En glad Gut (A Happy Boy) is a novel published in 1860 by the Norwegian writer Bjørnstjerne Bjørnson. It is one of his peasant novels.

==Plot==
The main character, Øyvind Plassen, is a cotter's son that eventually wins a foothold in life, and thereby also his beloved Marit, a farm girl, through education at an agricultural school. Alongside the two and their parents, the story also develops the character of Øyvind's older friend and adviser Bård, the schoolmaster, in particular.

==Reception==
Edvard Beyer wrote in Norges litteraturhistorie (Norway's Literary History) that "The story has a lyrical feel, especially the scenes from childhood.
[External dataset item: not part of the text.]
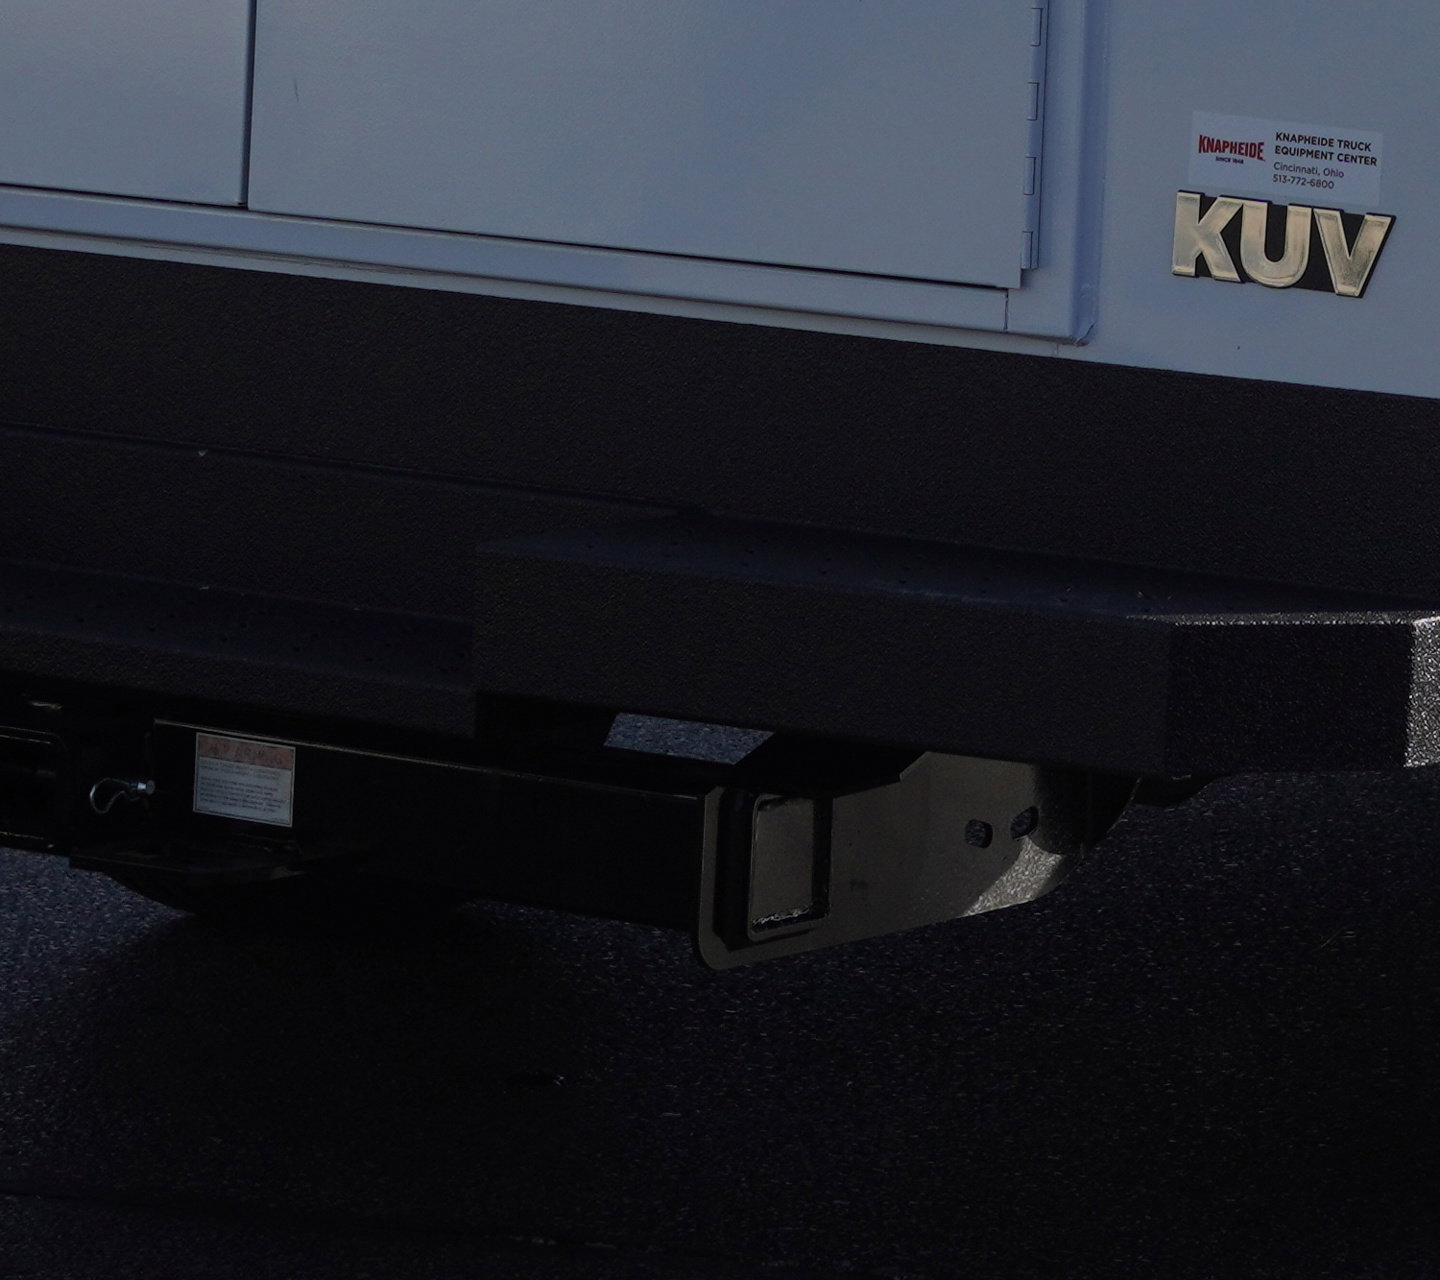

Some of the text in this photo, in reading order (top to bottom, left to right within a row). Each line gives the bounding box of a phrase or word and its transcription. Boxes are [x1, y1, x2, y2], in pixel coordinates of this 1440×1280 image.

Bård the schoolmaster is one of Bjørnson's finest portrayals. However, his depiction of the protagonist is not as developed as in Arne, and the last chapters are marked by haste. ... The critics had many words of praise, and with its cheerful tone and simple message—Løft ditt hode, du raske gutt! 'Lift your head, you restless youth!' and Elsk din neste, du kristensjel 'Love your neighbor, you Christian soul'—A Happy Boy is perhaps the most beloved of all of Bjørnson's stories."

==Film adaptation==
En glad gutt was filmed in 1932 to mark the centenary of Bjørnson's birth. Tore Foss played the lead role as Øyvind. This was one of the first sound films in Norway.